“AMoC: A Multifaceted Machine Learning-Based Toolkit for Analysing Cybercriminal Communities on the Darknet”, 2021-12-15 ():
There is an increasing demand for expert analysis of cybercriminal communities. Cybercrime is continually becoming more complex due to the rapid development of digital technologies, on the one hand, in new types of criminal activity, such as hacking, distributing malware and DDoS attacks, and on the other hand, in digitised forms of more traditional crimes, such as email scams, phishing, identity theft, and cryptographically secured black markets. Tackling this broad array of behavior requires tool support for multi-disciplinary investigations, and a connecting framework that can adjust flexibly to changes in the populations being studied.
In this work, we present AMoC, a multi-faceted machine learning toolkit that combines structured queries, anomaly detection, social network analysis, topic modeling and accounts recognition to enable comprehensive analysis of cybercriminal communities and users.

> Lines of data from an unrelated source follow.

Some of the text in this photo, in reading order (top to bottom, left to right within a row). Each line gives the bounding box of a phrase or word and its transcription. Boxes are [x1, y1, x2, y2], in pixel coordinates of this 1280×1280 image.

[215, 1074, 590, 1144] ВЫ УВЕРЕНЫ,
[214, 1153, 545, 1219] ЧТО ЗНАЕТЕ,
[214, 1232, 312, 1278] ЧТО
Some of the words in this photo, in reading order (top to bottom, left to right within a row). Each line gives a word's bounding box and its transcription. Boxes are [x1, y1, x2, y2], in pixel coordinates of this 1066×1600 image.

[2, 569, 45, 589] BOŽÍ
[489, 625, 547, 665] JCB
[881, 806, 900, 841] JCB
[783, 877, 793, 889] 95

The toolkit enables the extraction of findings regarding the motivations, behavior and characteristics of offenders, and how cybercriminal communities react to interventions such as arrests and take-downs.
In our demonstration, the toolkit is deployed to analyse over 150,000 accounts from 35 underground marketplaces.

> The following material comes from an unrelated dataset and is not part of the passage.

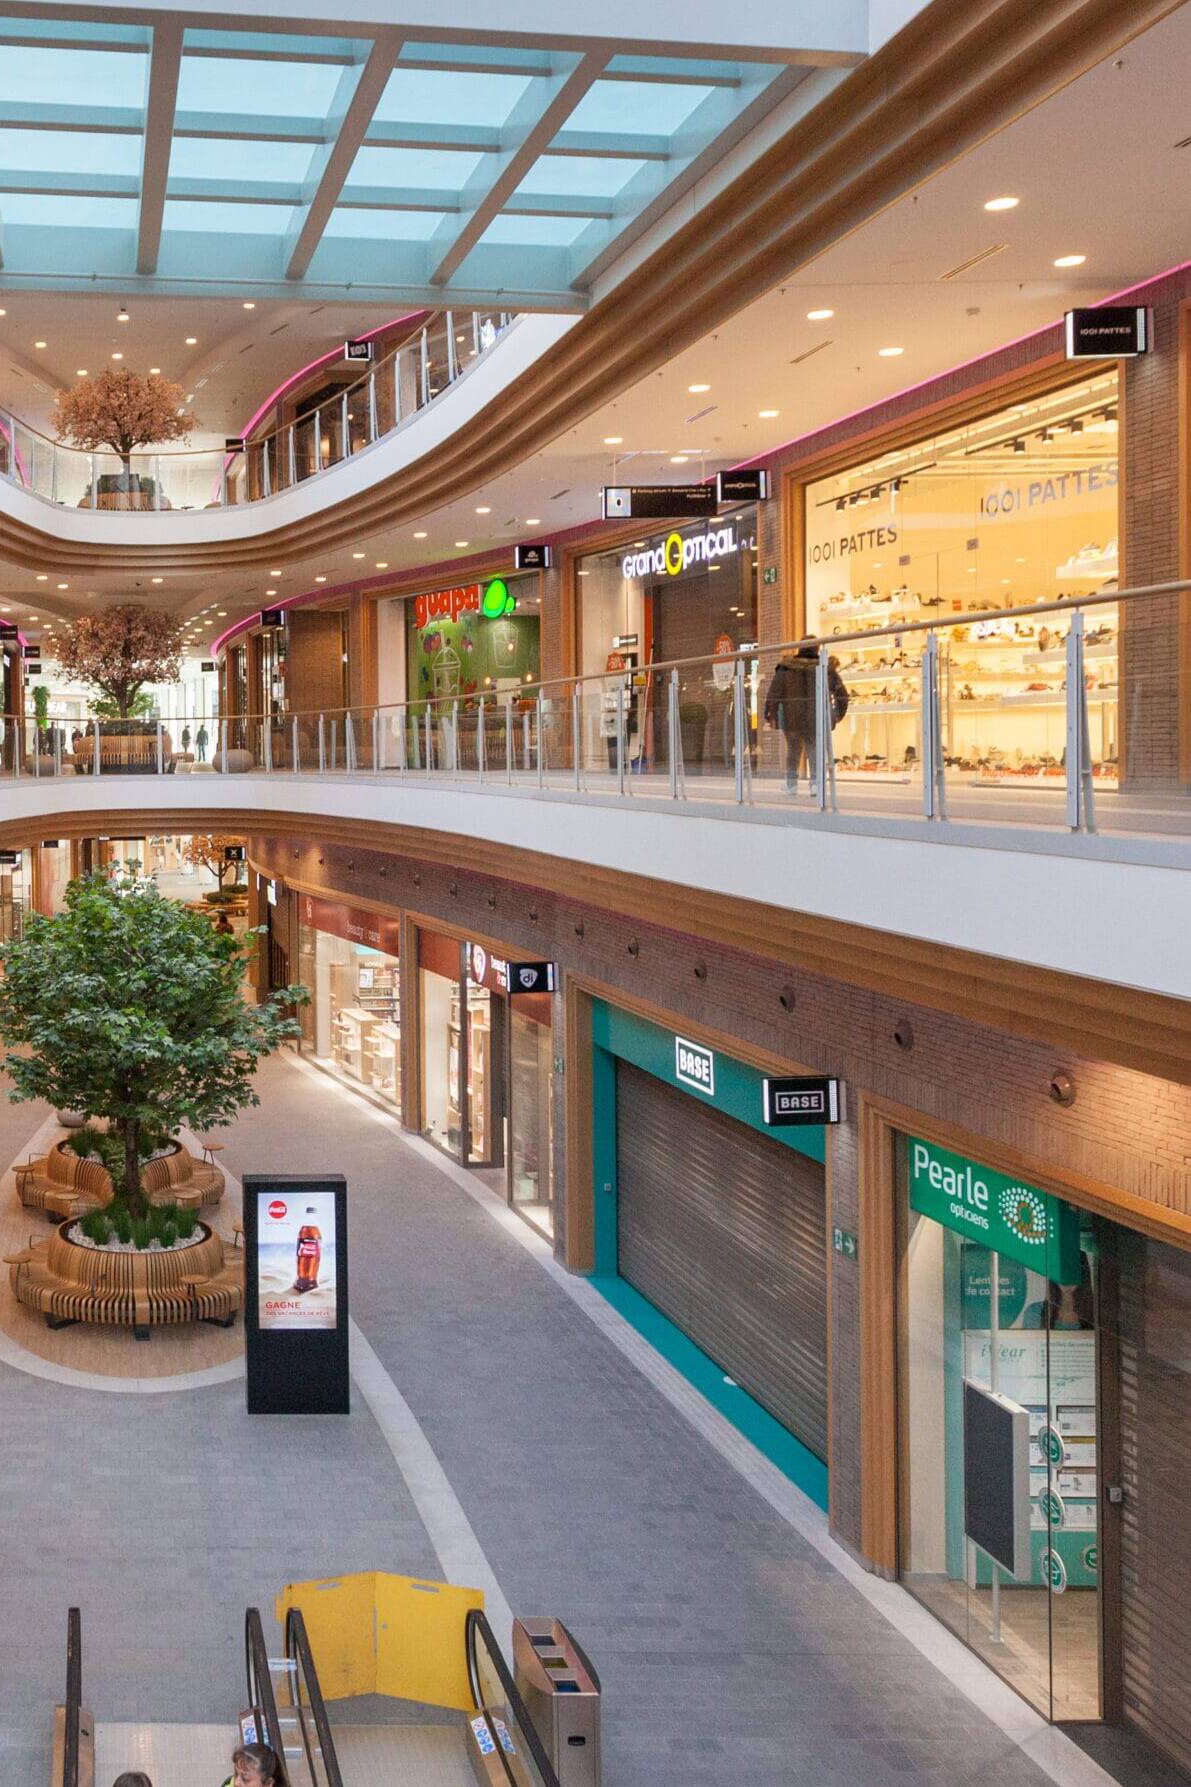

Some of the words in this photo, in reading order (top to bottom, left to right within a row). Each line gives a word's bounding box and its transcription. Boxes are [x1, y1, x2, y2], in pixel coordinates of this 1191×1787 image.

…For the analysis presented in this study, we made use of over 2.5 million posts drawn from over 150,000 accounts from 35 cybercriminal communities, drawn from the DNM Corpus: a large dataset collected 2013–22015. All the DNMs have English language as their main medium of communication. In particular, we targeted discussion fora within this collection, which acted as support areas for underground marketplaces dealing in a number of different illicit goods. Communities ranged from successfully established markets with thousands of accounts (though not all were always active posters) to small sites that never moved beyond a handful of initial accounts.